Niah looked down at Gwendolyn in Sirus’s arms and back to him. Something flickered in her eyes and was gone in an instant. “I’ll go with Levian,” she told him.

Sirus nodded. “Go.”

He was rattled. His nerves on edge. Gwendolyn’s eyes half opened for a moment, and she looked at him listlessly. “You’re safe,” he told her, wishing for her to know it. An errant tear trickled down her cheek. That tear made his chest tighten. She’d looked shattered when he’d first come into the room, tears running down her face. When he’d spoken to her, Gwendolyn had looked at him like he were a beacon in the darkness. She leaned her head against his bare chest as she fell back unconscious. The simple act tore at him. That she would trust him in this way. So completely. That she would seek him out in the darkness.

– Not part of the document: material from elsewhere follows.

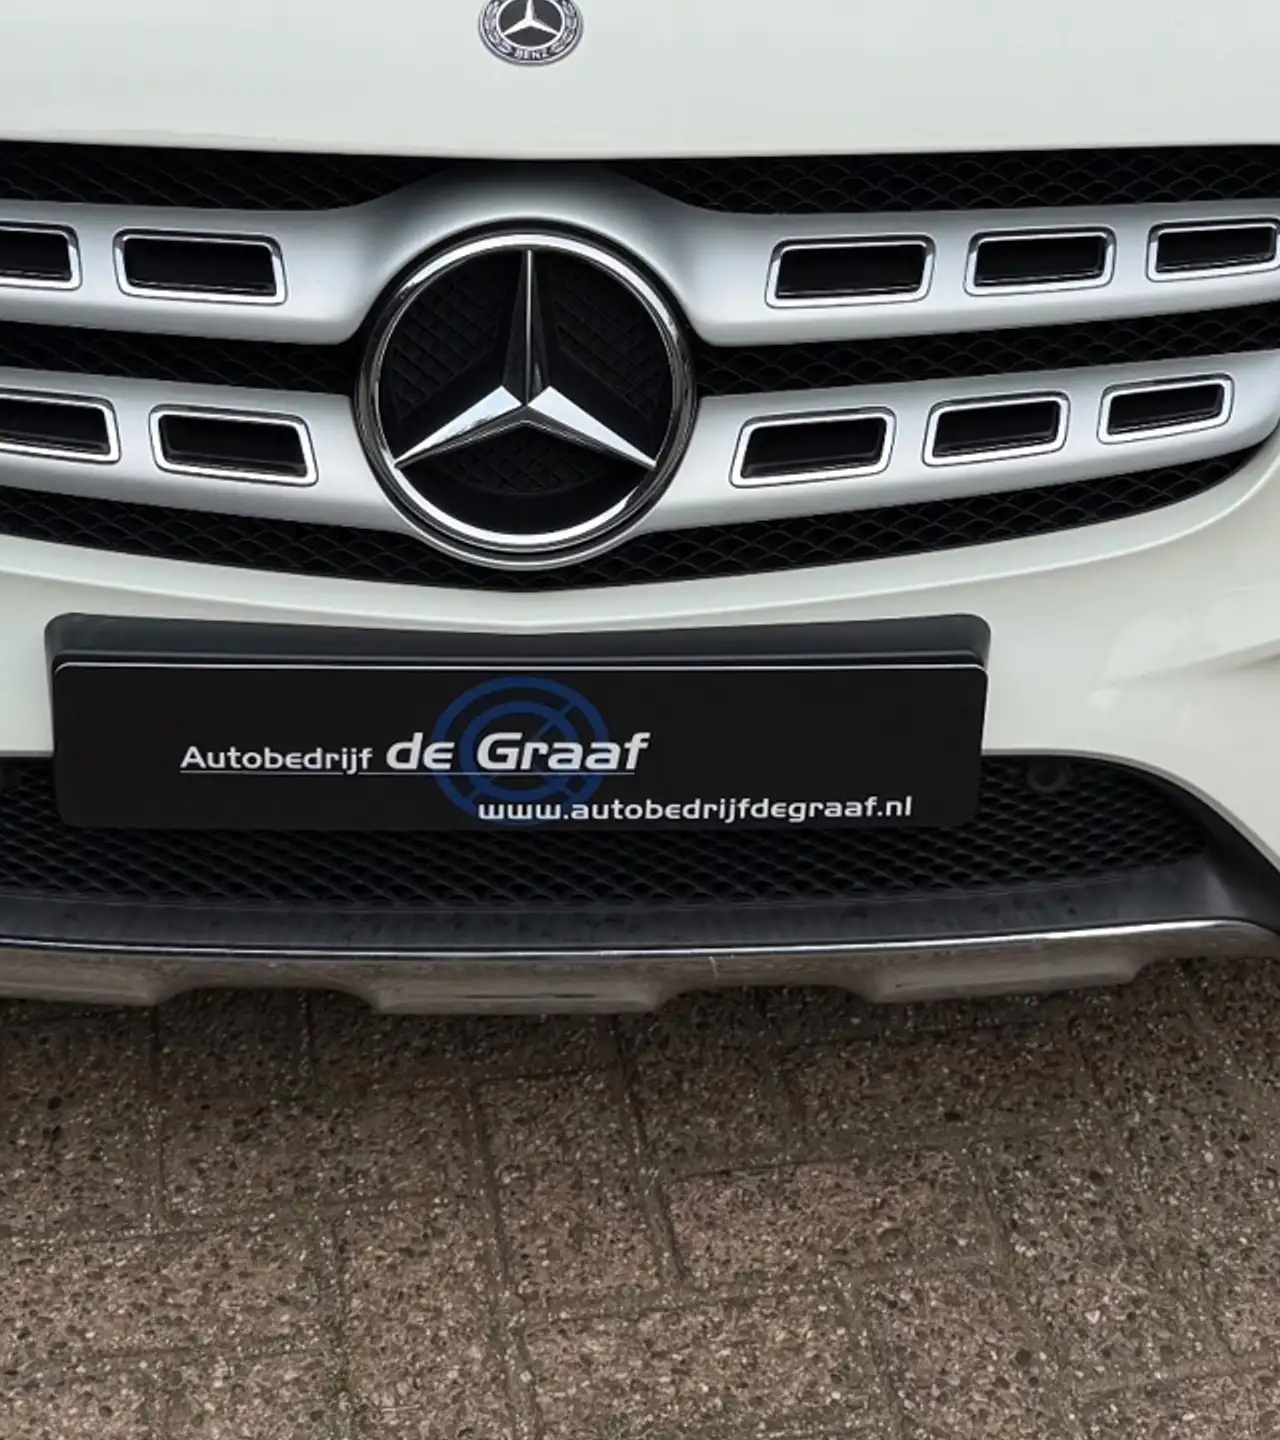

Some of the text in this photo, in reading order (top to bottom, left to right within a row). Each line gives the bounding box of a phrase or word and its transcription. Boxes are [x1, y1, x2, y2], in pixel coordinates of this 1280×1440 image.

Gwendolyn was a lost lamb, Sirus reminded himself. He was not the light to guide her out of the dark but the monster she should fear within it. She was wrong to want to lean on him. She knew nothing of what he was. What he was capable of. If she did know, she would fear him as all the others did.

He was a vampire. A killer. She was innocent. Frightened.

Barith glanced about the room, then down to Gwendolyn with wariness. “She trusts you,” he observed with unease.

“I know,” Sirus replied coldly.

There was a moment of silence before Barith asked with stark seriousness, “Are you sure about this, Sirus? That this is what’s best for her? Keeping her here?”

No, he was not sure. But there was only one other place Sirus could think to take her, and he would not entertain it. Not yet. They simply needed more time.

The others knew he’d taken the contract to keep Gwendolyn hidden, but they didn’t know it was a contract forged by a debt of blood. The terms were already far beyond the norm. Through this contract, Marcus had transferred that debt to Gwendolyn. Her protection was Sirus’s responsibility above all else. “I will finish this,” he told Barith, breathing in her scent of lilies.

The dragon nodded his understanding. “Good,” he replied. “I swore to that witch we’d take care of her, and I’m keen to keep my word. Plus, I do like her. Even if she did blow up part of my house.”

Sirus glanced down at Gwendolyn’s soft face pressed against his chest. His eyes lingered on that small, dried trickle of blood from her nose.

He was shrouded in so much blood it could fill an ocean. He was darkness and death. Gwendolyn was innocence and life.

“She will need you,” he told Barith. “And Levian. Your guidance.” Their trust and expertise.

The dragon let out a heavy breath. “Aye. And what of you?”